▶ [WHAT NEEDS TO BE DONE]: Set down the complete data exactly as it appears below.

▶ [DATA]:
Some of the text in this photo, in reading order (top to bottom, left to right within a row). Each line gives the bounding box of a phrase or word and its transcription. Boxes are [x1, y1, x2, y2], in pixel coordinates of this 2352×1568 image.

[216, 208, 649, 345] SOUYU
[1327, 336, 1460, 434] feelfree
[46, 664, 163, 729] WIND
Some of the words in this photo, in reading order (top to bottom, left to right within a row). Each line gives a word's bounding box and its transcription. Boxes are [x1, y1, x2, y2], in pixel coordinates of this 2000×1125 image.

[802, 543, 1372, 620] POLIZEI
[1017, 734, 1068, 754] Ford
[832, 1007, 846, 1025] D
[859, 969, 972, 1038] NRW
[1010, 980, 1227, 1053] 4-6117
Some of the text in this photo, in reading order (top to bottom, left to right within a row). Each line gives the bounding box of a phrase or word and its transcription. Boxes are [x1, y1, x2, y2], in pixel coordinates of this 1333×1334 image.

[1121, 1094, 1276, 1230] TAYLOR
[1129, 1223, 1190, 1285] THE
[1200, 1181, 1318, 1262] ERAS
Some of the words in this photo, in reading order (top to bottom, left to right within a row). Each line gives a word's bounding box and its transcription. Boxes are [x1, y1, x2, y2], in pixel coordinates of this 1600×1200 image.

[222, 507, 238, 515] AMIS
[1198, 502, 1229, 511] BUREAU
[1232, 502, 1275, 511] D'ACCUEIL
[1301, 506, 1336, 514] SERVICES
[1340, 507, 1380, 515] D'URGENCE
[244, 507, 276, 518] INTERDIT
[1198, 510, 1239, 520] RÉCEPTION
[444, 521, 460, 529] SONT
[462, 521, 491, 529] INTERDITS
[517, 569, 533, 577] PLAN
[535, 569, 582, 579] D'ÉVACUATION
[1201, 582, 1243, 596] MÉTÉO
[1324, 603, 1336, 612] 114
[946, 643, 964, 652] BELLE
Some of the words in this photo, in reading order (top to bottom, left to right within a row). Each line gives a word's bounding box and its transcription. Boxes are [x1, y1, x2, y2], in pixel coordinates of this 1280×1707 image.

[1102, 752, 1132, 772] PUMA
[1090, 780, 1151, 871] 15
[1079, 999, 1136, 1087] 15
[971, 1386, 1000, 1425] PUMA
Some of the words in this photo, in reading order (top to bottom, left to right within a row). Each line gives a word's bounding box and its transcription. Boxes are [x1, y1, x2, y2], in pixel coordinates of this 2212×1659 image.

▶ [ANSWER FOR THE TASK]:
Some of the text in this photo, in reading order (top to bottom, left to right within a row). Each line gives the bounding box of a phrase or word and its transcription. Boxes are [x1, y1, x2, y2], in pixel coordinates of this 2352×1568 image.

[216, 208, 649, 345] SOUYU
[1327, 336, 1460, 434] feelfree
[46, 664, 163, 729] WIND
Some of the words in this photo, in reading order (top to bottom, left to right within a row). Each line gives a word's bounding box and its transcription. Boxes are [x1, y1, x2, y2], in pixel coordinates of this 2000×1125 image.

[802, 543, 1372, 620] POLIZEI
[1017, 734, 1068, 754] Ford
[832, 1007, 846, 1025] D
[859, 969, 972, 1038] NRW
[1010, 980, 1227, 1053] 4-6117
Some of the text in this photo, in reading order (top to bottom, left to right within a row). Each line gives the bounding box of a phrase or word and its transcription. Boxes are [x1, y1, x2, y2], in pixel coordinates of this 1333×1334 image.

[1121, 1094, 1276, 1230] TAYLOR
[1129, 1223, 1190, 1285] THE
[1200, 1181, 1318, 1262] ERAS
Some of the words in this photo, in reading order (top to bottom, left to right within a row). Each line gives a word's bounding box and its transcription. Boxes are [x1, y1, x2, y2], in pixel coordinates of this 1600×1200 image.

[222, 507, 238, 515] AMIS
[1198, 502, 1229, 511] BUREAU
[1232, 502, 1275, 511] D'ACCUEIL
[1301, 506, 1336, 514] SERVICES
[1340, 507, 1380, 515] D'URGENCE
[244, 507, 276, 518] INTERDIT
[1198, 510, 1239, 520] RÉCEPTION
[444, 521, 460, 529] SONT
[462, 521, 491, 529] INTERDITS
[517, 569, 533, 577] PLAN
[535, 569, 582, 579] D'ÉVACUATION
[1201, 582, 1243, 596] MÉTÉO
[1324, 603, 1336, 612] 114
[946, 643, 964, 652] BELLE
Some of the words in this photo, in reading order (top to bottom, left to right within a row). Each line gives a word's bounding box and its transcription. Boxes are [x1, y1, x2, y2], in pixel coordinates of this 1280×1707 image.

[1102, 752, 1132, 772] PUMA
[1090, 780, 1151, 871] 15
[1079, 999, 1136, 1087] 15
[971, 1386, 1000, 1425] PUMA
Some of the words in this photo, in reading order (top to bottom, left to right within a row). Each line gives a word's bounding box and its transcription. Boxes are [x1, y1, x2, y2], in pixel coordinates of this 2212×1659 image.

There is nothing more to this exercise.